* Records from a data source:
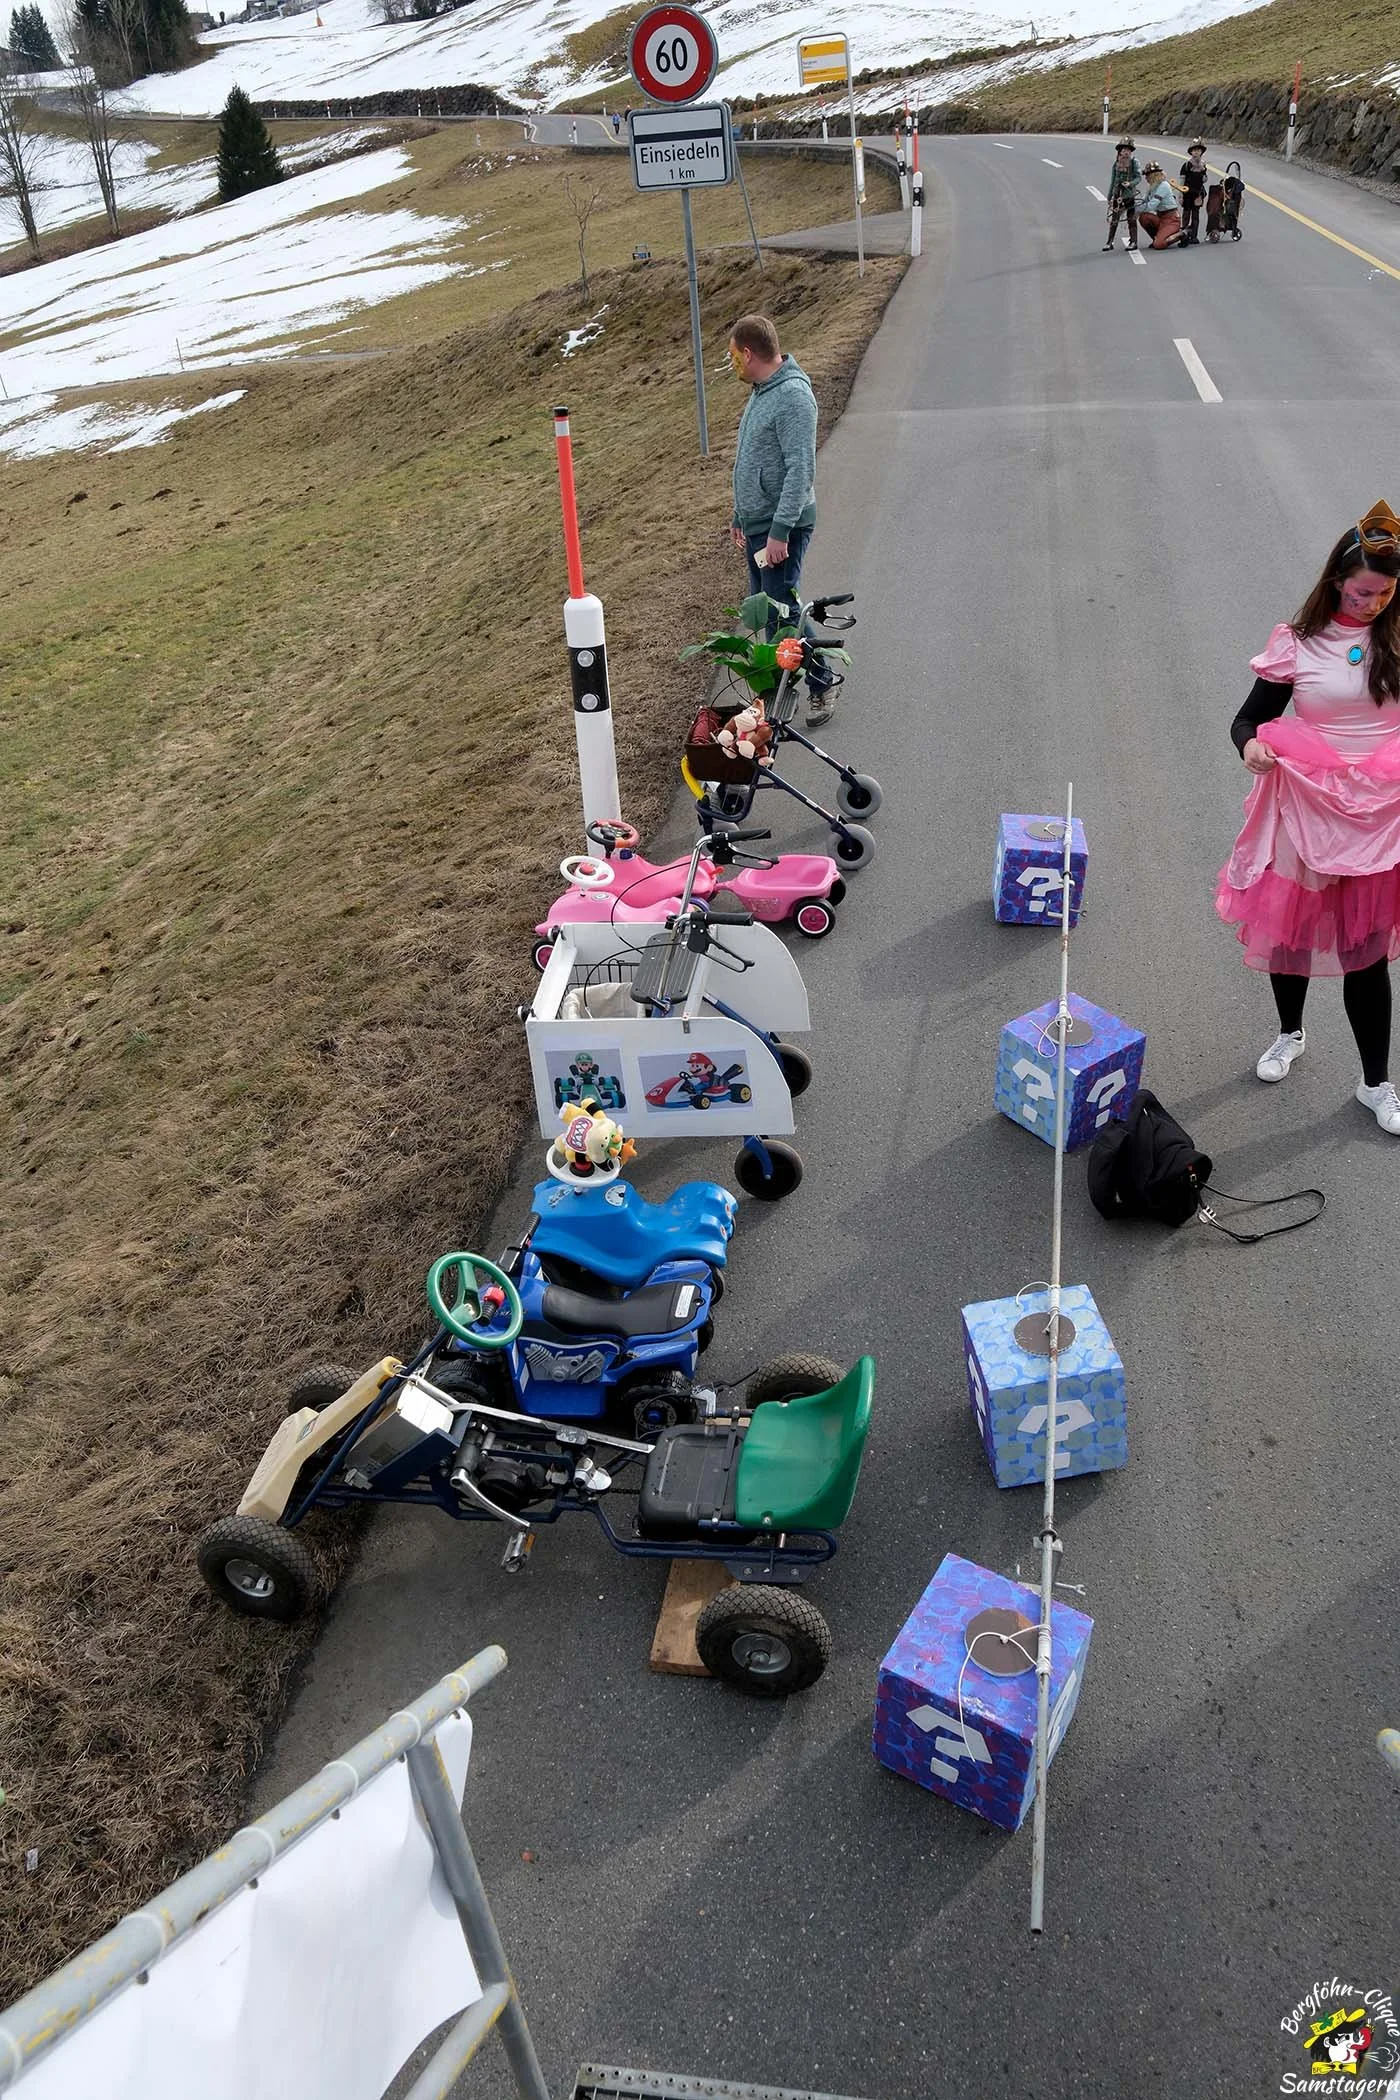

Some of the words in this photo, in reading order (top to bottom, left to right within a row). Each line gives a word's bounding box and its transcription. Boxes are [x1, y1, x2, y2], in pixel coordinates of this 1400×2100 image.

[656, 37, 687, 73] 60
[640, 141, 719, 164] Einsiedeln
[669, 169, 675, 180] 1
[678, 168, 695, 179] km
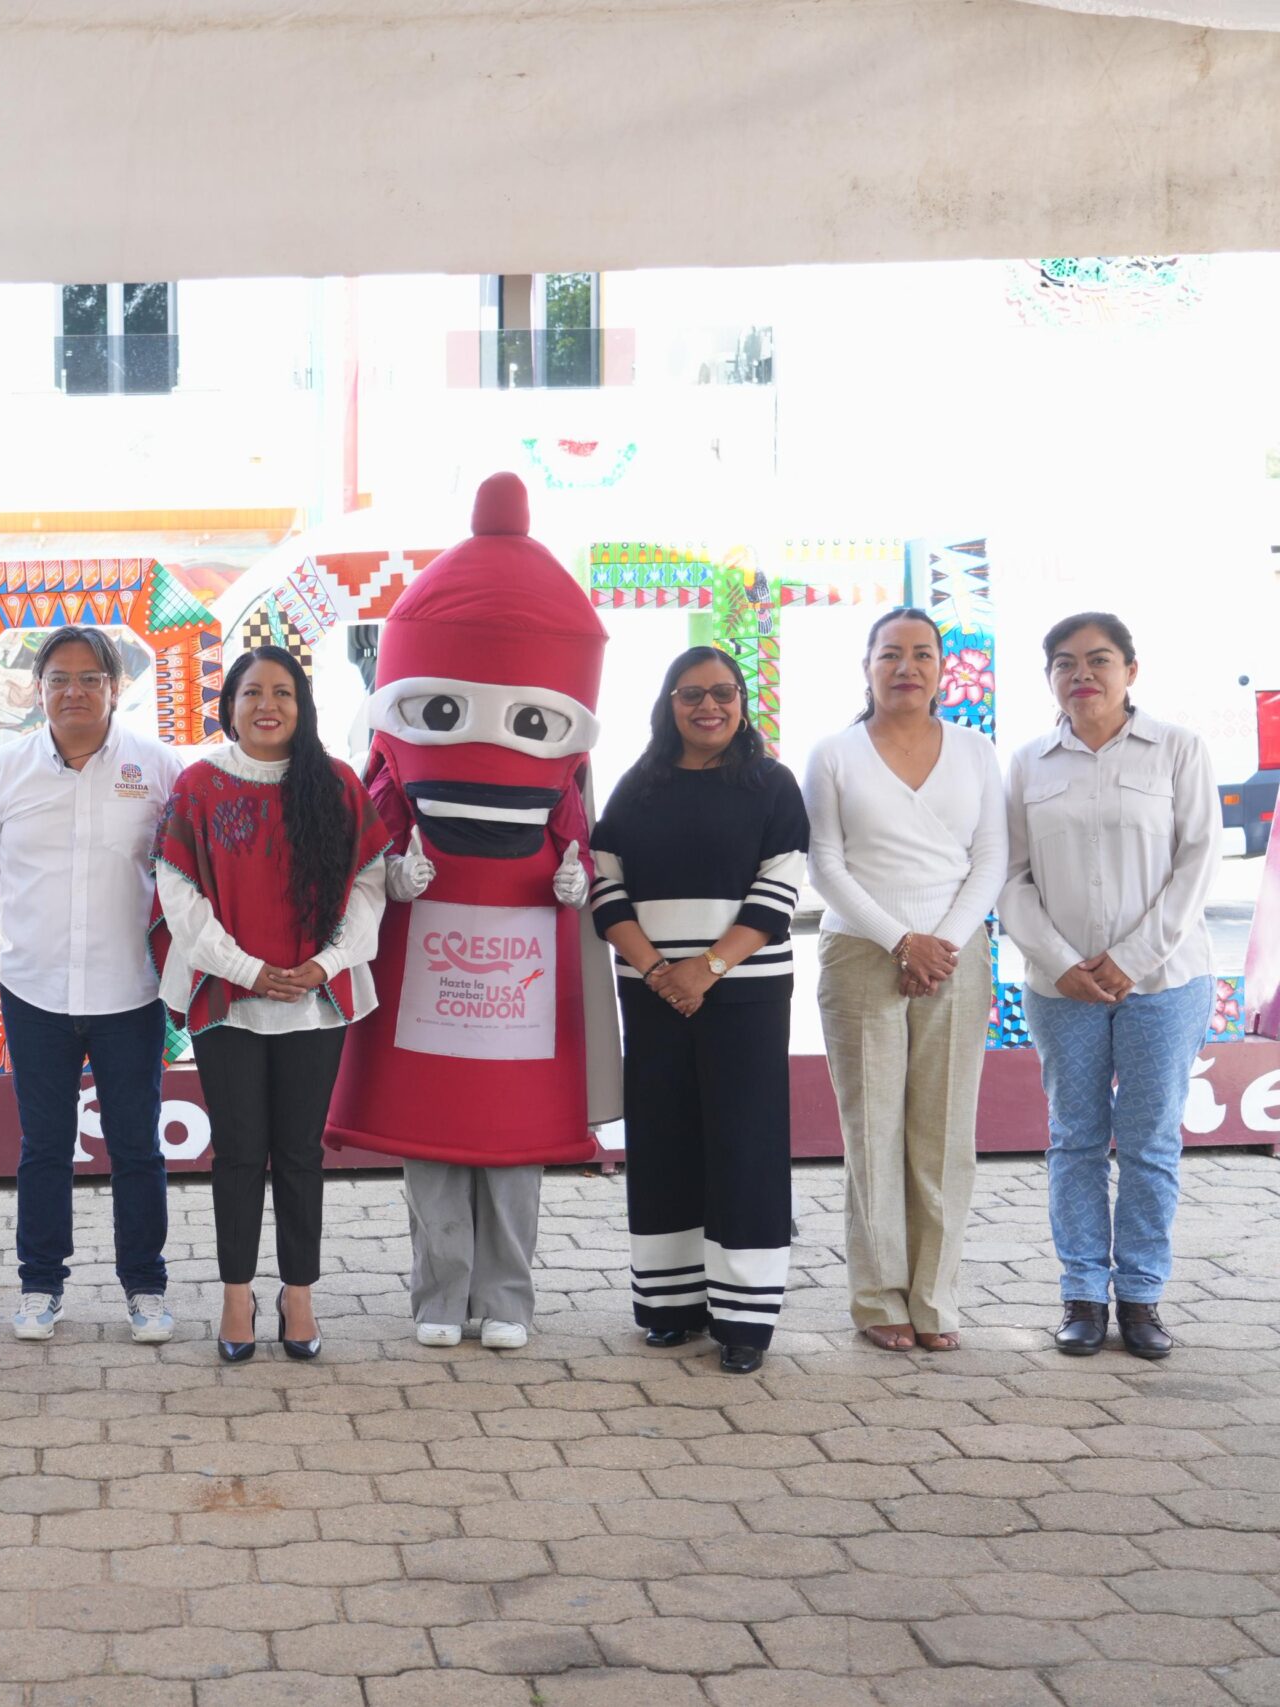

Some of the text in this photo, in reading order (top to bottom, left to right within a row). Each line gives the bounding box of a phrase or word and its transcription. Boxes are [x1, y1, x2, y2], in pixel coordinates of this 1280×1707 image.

[440, 977, 485, 990] Hazte la
[486, 985, 525, 1002] USA

* YOUR ASSIGNMENT:
Please repeat the data verbatim and leave the pictures out of your copy.

* WRITTEN RESPONSE:
Some of the words in this photo, in reading order (top to bottom, left to right within a row). Each line gives a word's bounding box and its transcription. Boxes are [x1, y1, x2, y2], in pixel coordinates of this 1400×2100 image.

[656, 37, 687, 73] 60
[640, 141, 719, 164] Einsiedeln
[669, 169, 675, 180] 1
[678, 168, 695, 179] km

Some of the text in this photo, in reading order (top to bottom, left to right within a row). Each line gives the bounding box of a phrase or word and its transcription. Boxes are [x1, y1, x2, y2], in pixel coordinates of this 1280×1707 image.

[440, 977, 485, 990] Hazte la
[486, 985, 525, 1002] USA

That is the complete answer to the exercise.